‘Twas a summer Saturday, early in the afternoon, right about
the time it starts getting really hot … right about the time a fastpitch umpire
with minimal cache gets thrown a little work. It was an insignificant (except
for those playing and watching the games, of course) little tournament at a
time when there was a lot of youth softball being played hereabouts – the young
ladies of South Texas, particularly Greater Houston, represented well at all
competitive levels.
I’d barely broken a sweat that hot day when I got myself
into a little encounter with an out-of-town coach, an old-timer I knew casually
from my coaching days. We were at the first change-over, going into the bottom
of the first inning; I’d just summoned the warm-up ball from the field. That
was when it happened … Ol’ Boy from Beaumont, loud enough only to be heard by
me and maybe his catcher, complimented
my attempt to keep the game moving, as the rules mandate and they preach at the
clinics, grumbling at the “pace” of his team’s prior games.
I turned down few opportunities to call ball for several
more years, kept pretty busy, perhaps even gained a modicum of that “cache”

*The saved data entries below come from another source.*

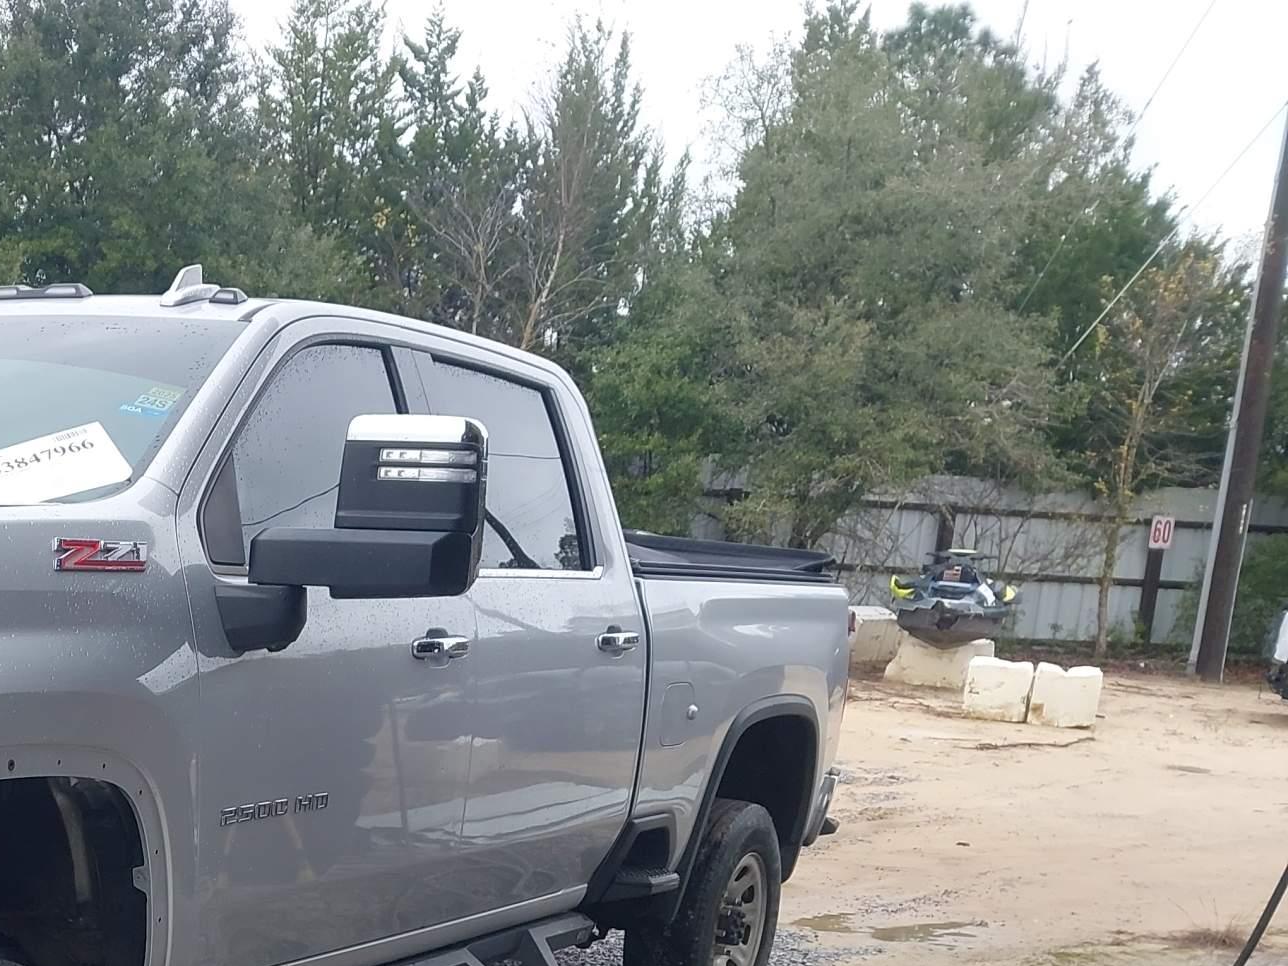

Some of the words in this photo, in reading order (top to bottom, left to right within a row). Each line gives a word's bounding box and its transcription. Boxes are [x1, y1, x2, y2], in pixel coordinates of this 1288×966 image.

[1152, 519, 1172, 544] 60
[53, 536, 148, 573] Z71
[219, 798, 289, 827] 2500
[294, 791, 329, 815] HD
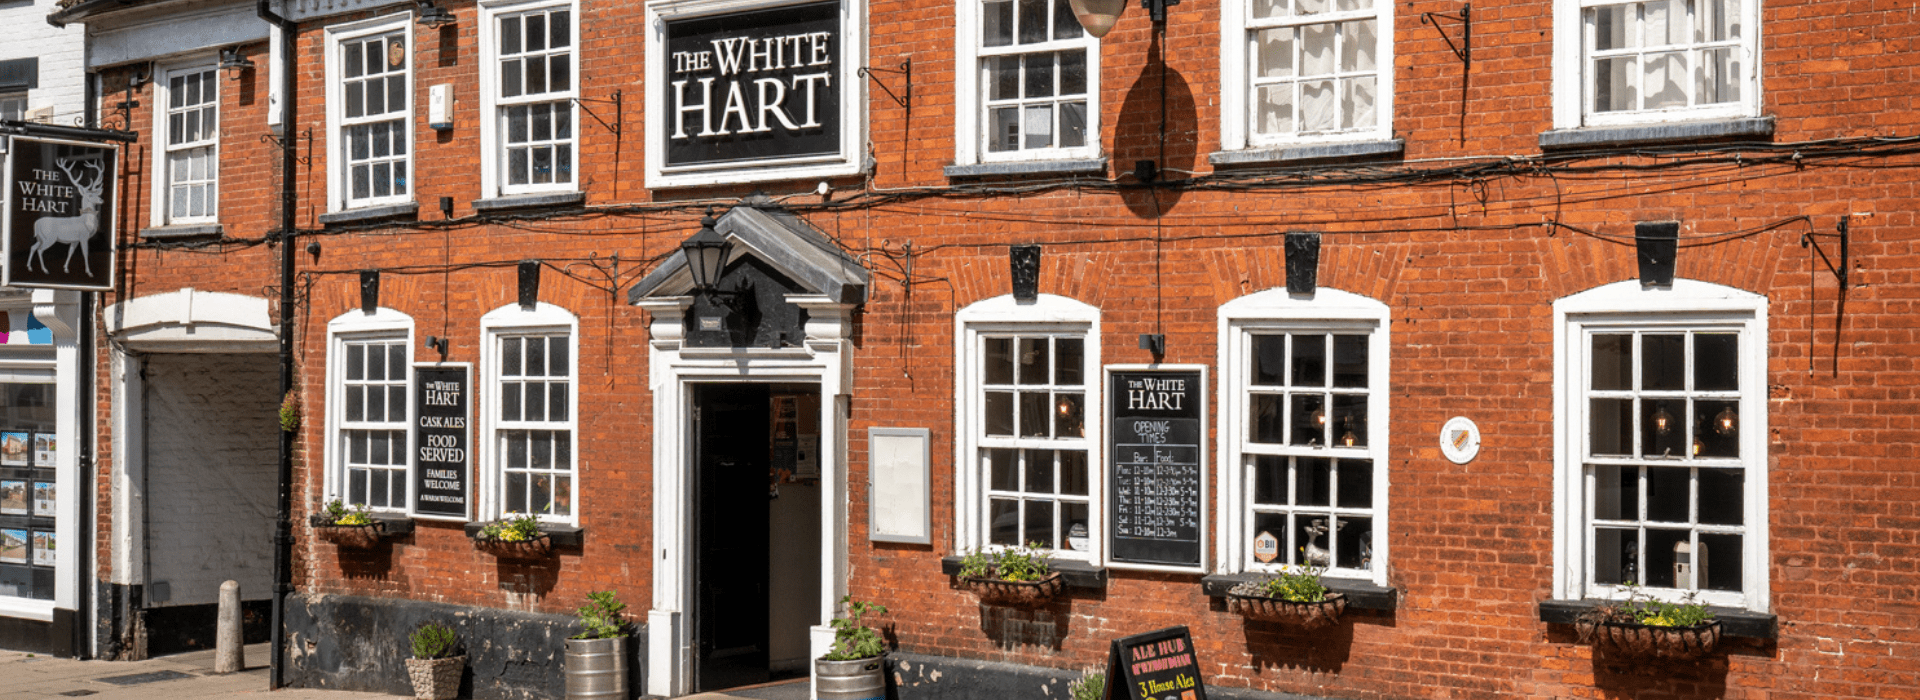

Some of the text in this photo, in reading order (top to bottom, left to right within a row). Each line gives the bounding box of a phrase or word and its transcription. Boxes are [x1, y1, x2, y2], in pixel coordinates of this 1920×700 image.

[672, 31, 832, 76] THE WHITE
[671, 71, 832, 139] HART
[32, 168, 60, 181] THE
[18, 180, 74, 198] WHITE
[22, 197, 69, 214] HART
[434, 380, 460, 391] WHITE
[1128, 378, 1186, 391] THE WHITE
[425, 390, 460, 406] HART
[1128, 389, 1186, 411] HART
[420, 415, 465, 428] CASK ALES
[1133, 420, 1171, 433] OPENING
[427, 434, 457, 448] FOOD
[1137, 432, 1167, 443] TIMES
[420, 446, 465, 463] SERVED
[1156, 450, 1175, 463] Food:
[426, 468, 458, 480] FAMILIES
[423, 478, 461, 490] WELCOME
[1132, 638, 1186, 662] ALE HUB
[1138, 673, 1195, 698] 3 House Ales
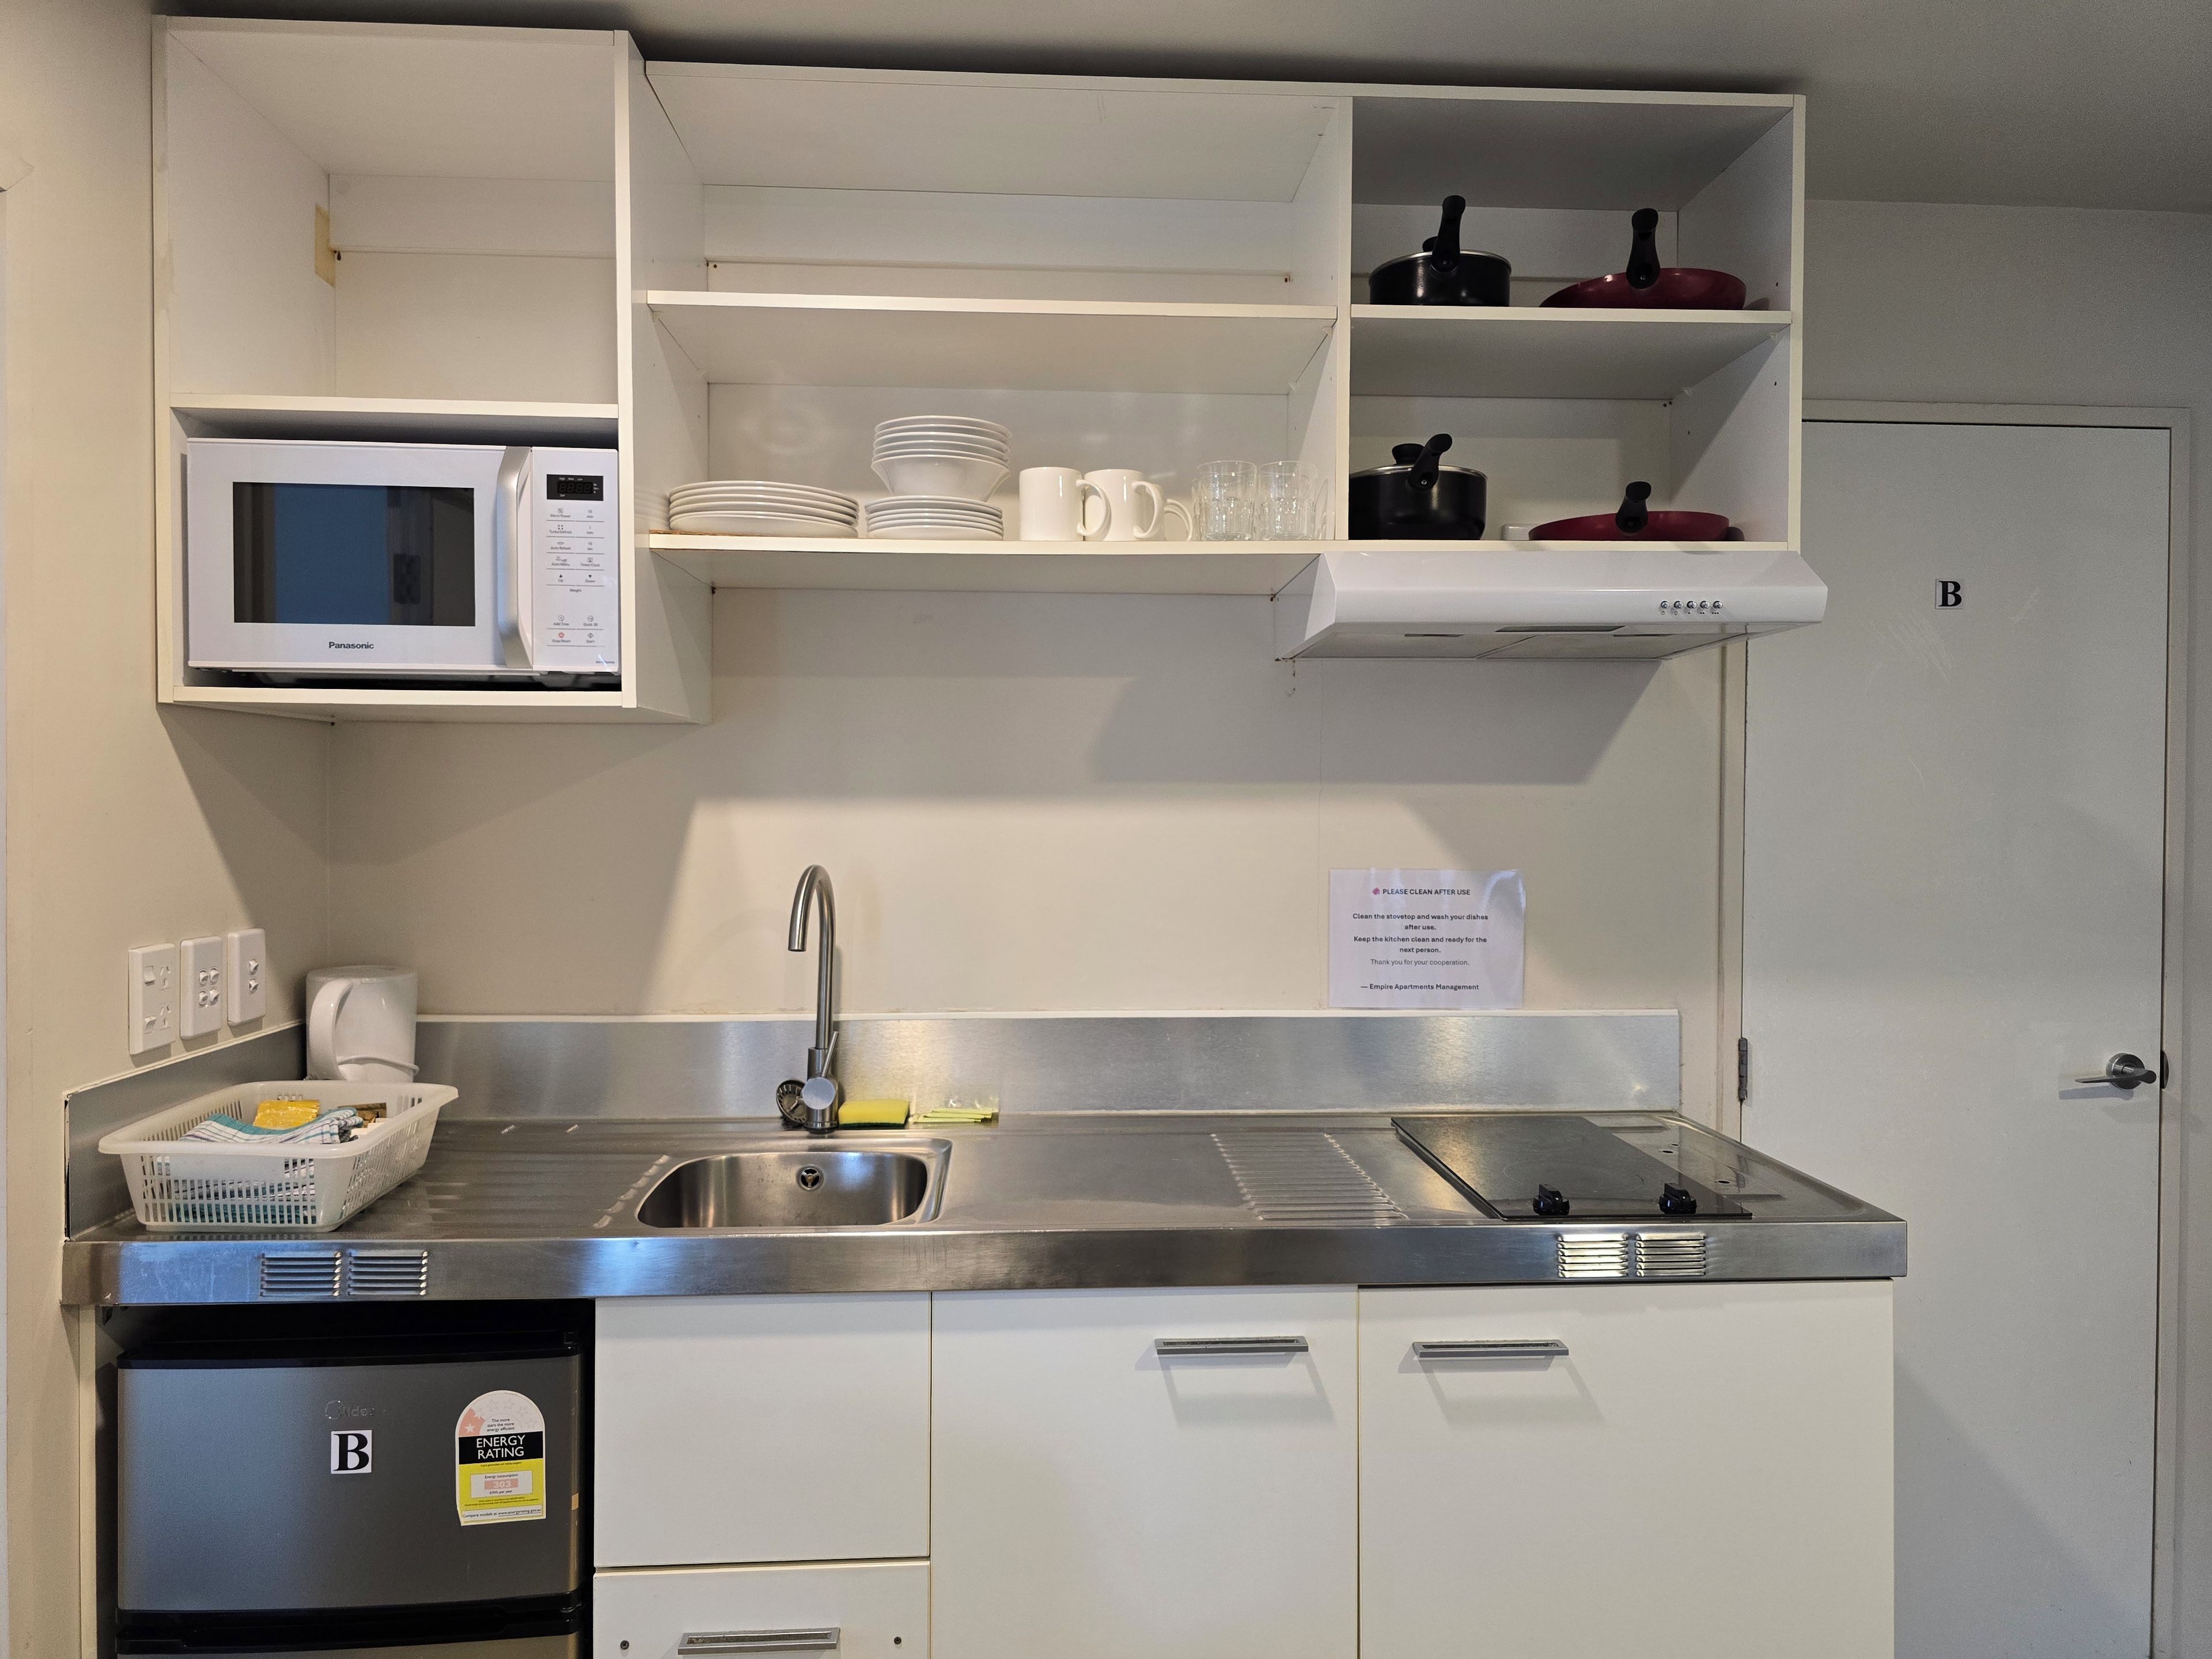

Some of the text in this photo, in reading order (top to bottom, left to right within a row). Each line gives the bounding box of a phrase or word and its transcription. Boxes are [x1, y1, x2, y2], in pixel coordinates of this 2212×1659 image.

(equally possible that I flatter myself unduly).
Coach and I would have a good many subsequent “encounters”
as the middle-school grand-daughter he was coaching that fateful day grew into
a pretty good left-handed pitcher and, befitting a coach’s kid, a feisty, heady
player … every last one of them pleasant, even when he thought I missed a call,
though none ever quite so validating.
Funny, such a moment is not the sort of thing about which
one would boast in the designated umpire’s corner of the parking lot. Indeed,
such strict, by-the-book punctuality would be considered an attack-of-sorts
upon that amorphous commodity known as “umpire discretion.” One primary manner
in which this discretionary authority gets exercised is in the matter of time
management, specifically the ending of one’s game promptly. In the eyes of
some, keeping one’s field “on time” is viewed as an art. Shenanigans regarding
late-game time issues, involving both officials and coaches, can morph into
common practice and ultimately into a set of unwritten rules. (Even a
prominently displayed game clock can eliminate only so many problems.)
As Major League Baseball yet again professes a desire to
address the ponderous pace of play and consequent excessive length of its
games, maybe they should consider what an old softball coach’s gut was telling
him one summer Saturday a while back. MLB could shorten its games simply by
reducing the length of time between innings. A regulation game requires 17 such
stoppages in play (16 if the home team doesn’t need its last “raps”). Simply
slice a minute or minute-and-a-half each time – instant shorter game, perhaps
even more crisp play as tends to occur with pitchers who do not dawdle.
Of course, such an adjustment is likely to be impractical
under the sport’s current “economic model” – a between-inning reduction of 90
seconds would eliminate from both radio and TV broadcasts about 300 30-second
advertising spots per team per week.
“Moneyball” can mean a lot of things.